**DATA TO EXAMINE:**
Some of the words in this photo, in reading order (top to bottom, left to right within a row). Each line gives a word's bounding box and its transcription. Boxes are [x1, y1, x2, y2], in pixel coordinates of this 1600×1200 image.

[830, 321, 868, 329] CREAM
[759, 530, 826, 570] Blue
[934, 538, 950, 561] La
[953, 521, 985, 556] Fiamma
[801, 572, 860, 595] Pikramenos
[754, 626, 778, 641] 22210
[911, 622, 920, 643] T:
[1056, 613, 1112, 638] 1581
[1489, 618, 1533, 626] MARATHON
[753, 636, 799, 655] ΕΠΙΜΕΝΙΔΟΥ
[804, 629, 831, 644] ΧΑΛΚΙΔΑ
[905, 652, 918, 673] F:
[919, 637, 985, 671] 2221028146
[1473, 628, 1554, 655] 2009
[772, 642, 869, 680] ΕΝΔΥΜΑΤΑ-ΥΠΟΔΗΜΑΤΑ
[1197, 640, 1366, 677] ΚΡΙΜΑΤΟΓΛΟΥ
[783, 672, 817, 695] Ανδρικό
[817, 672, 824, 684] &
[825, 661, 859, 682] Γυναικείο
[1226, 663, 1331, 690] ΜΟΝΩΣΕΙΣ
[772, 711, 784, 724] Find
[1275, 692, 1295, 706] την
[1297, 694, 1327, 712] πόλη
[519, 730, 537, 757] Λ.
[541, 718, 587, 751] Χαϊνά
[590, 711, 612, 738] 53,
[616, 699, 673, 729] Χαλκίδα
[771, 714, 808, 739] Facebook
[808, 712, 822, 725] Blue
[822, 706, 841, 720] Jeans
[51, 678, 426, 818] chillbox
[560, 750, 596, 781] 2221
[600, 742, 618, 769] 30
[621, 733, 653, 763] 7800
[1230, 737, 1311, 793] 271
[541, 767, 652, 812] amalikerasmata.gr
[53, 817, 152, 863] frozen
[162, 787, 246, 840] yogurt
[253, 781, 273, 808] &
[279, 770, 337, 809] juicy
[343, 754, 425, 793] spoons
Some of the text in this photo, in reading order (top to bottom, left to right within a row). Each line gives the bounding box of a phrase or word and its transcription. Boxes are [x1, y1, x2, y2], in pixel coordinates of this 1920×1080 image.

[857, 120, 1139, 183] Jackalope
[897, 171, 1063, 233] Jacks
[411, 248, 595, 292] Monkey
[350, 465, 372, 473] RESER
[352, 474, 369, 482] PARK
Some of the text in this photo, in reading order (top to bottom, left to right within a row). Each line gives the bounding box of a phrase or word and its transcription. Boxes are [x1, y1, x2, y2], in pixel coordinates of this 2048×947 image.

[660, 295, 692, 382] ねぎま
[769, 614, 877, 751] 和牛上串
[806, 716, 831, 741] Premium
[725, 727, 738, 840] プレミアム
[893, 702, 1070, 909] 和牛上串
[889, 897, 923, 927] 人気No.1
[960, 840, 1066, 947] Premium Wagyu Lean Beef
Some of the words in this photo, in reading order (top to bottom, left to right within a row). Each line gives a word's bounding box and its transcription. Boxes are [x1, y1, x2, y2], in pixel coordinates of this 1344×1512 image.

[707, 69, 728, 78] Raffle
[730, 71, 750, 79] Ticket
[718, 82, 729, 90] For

**TASK OBJECTIVE:**
All of the data above is to be given again, word for word.

**THE COMPLETED TASK:**
Some of the words in this photo, in reading order (top to bottom, left to right within a row). Each line gives a word's bounding box and its transcription. Boxes are [x1, y1, x2, y2], in pixel coordinates of this 1600×1200 image.

[830, 321, 868, 329] CREAM
[759, 530, 826, 570] Blue
[934, 538, 950, 561] La
[953, 521, 985, 556] Fiamma
[801, 572, 860, 595] Pikramenos
[754, 626, 778, 641] 22210
[911, 622, 920, 643] T:
[1056, 613, 1112, 638] 1581
[1489, 618, 1533, 626] MARATHON
[753, 636, 799, 655] ΕΠΙΜΕΝΙΔΟΥ
[804, 629, 831, 644] ΧΑΛΚΙΔΑ
[905, 652, 918, 673] F:
[919, 637, 985, 671] 2221028146
[1473, 628, 1554, 655] 2009
[772, 642, 869, 680] ΕΝΔΥΜΑΤΑ-ΥΠΟΔΗΜΑΤΑ
[1197, 640, 1366, 677] ΚΡΙΜΑΤΟΓΛΟΥ
[783, 672, 817, 695] Ανδρικό
[817, 672, 824, 684] &
[825, 661, 859, 682] Γυναικείο
[1226, 663, 1331, 690] ΜΟΝΩΣΕΙΣ
[772, 711, 784, 724] Find
[1275, 692, 1295, 706] την
[1297, 694, 1327, 712] πόλη
[519, 730, 537, 757] Λ.
[541, 718, 587, 751] Χαϊνά
[590, 711, 612, 738] 53,
[616, 699, 673, 729] Χαλκίδα
[771, 714, 808, 739] Facebook
[808, 712, 822, 725] Blue
[822, 706, 841, 720] Jeans
[51, 678, 426, 818] chillbox
[560, 750, 596, 781] 2221
[600, 742, 618, 769] 30
[621, 733, 653, 763] 7800
[1230, 737, 1311, 793] 271
[541, 767, 652, 812] amalikerasmata.gr
[53, 817, 152, 863] frozen
[162, 787, 246, 840] yogurt
[253, 781, 273, 808] &
[279, 770, 337, 809] juicy
[343, 754, 425, 793] spoons
Some of the text in this photo, in reading order (top to bottom, left to right within a row). Each line gives the bounding box of a phrase or word and its transcription. Boxes are [x1, y1, x2, y2], in pixel coordinates of this 1920×1080 image.

[857, 120, 1139, 183] Jackalope
[897, 171, 1063, 233] Jacks
[411, 248, 595, 292] Monkey
[350, 465, 372, 473] RESER
[352, 474, 369, 482] PARK
Some of the text in this photo, in reading order (top to bottom, left to right within a row). Each line gives the bounding box of a phrase or word and its transcription. Boxes are [x1, y1, x2, y2], in pixel coordinates of this 2048×947 image.

[660, 295, 692, 382] ねぎま
[769, 614, 877, 751] 和牛上串
[806, 716, 831, 741] Premium
[725, 727, 738, 840] プレミアム
[893, 702, 1070, 909] 和牛上串
[889, 897, 923, 927] 人気No.1
[960, 840, 1066, 947] Premium Wagyu Lean Beef
Some of the words in this photo, in reading order (top to bottom, left to right within a row). Each line gives a word's bounding box and its transcription. Boxes are [x1, y1, x2, y2], in pixel coordinates of this 1344×1512 image.

[707, 69, 728, 78] Raffle
[730, 71, 750, 79] Ticket
[718, 82, 729, 90] For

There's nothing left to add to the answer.